BEGIN Entries shown

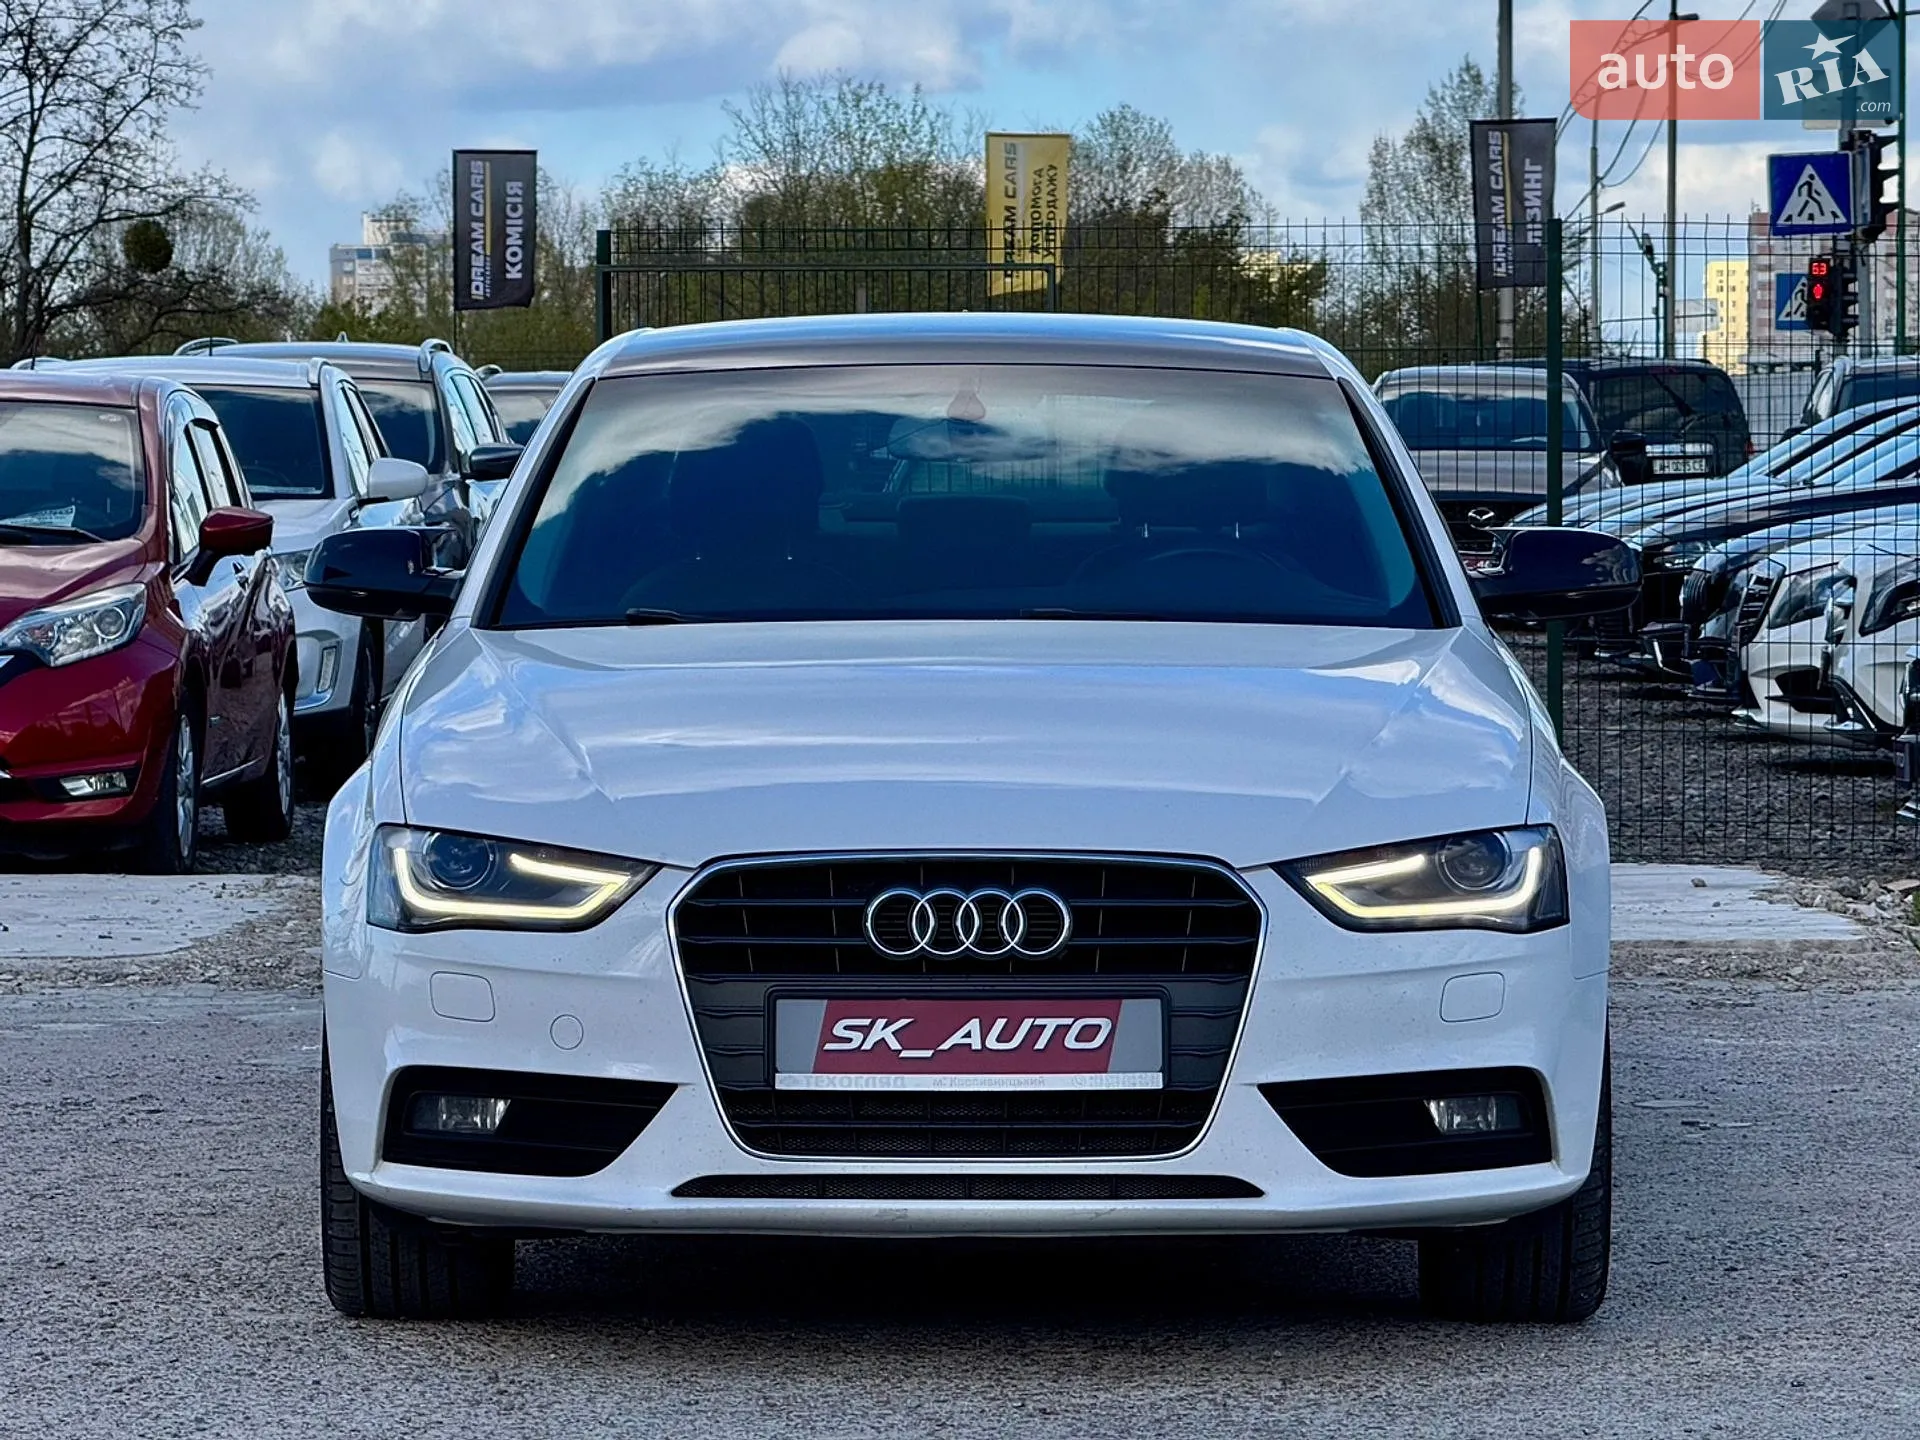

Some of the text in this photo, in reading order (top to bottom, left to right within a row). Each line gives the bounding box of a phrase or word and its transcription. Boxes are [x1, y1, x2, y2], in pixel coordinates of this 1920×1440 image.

[471, 160, 484, 217] CARS
[1004, 142, 1017, 198] CARS
[1488, 130, 1503, 190] CARS
[505, 181, 523, 279] КОМІСІЯ
[1524, 158, 1543, 247] ЛІЗИНГ
[823, 1017, 1112, 1058] SK_AUTO

END Entries shown

The material above must be printed exactly, with its pictures left out.

■ **Reply**:
Some of the text in this photo, in reading order (top to bottom, left to right within a row). Each line gives the bounding box of a phrase or word and its transcription. Boxes are [x1, y1, x2, y2], in pixel coordinates of this 1920×1440 image.

[471, 160, 484, 217] CARS
[1004, 142, 1017, 198] CARS
[1488, 130, 1503, 190] CARS
[505, 181, 523, 279] КОМІСІЯ
[1524, 158, 1543, 247] ЛІЗИНГ
[823, 1017, 1112, 1058] SK_AUTO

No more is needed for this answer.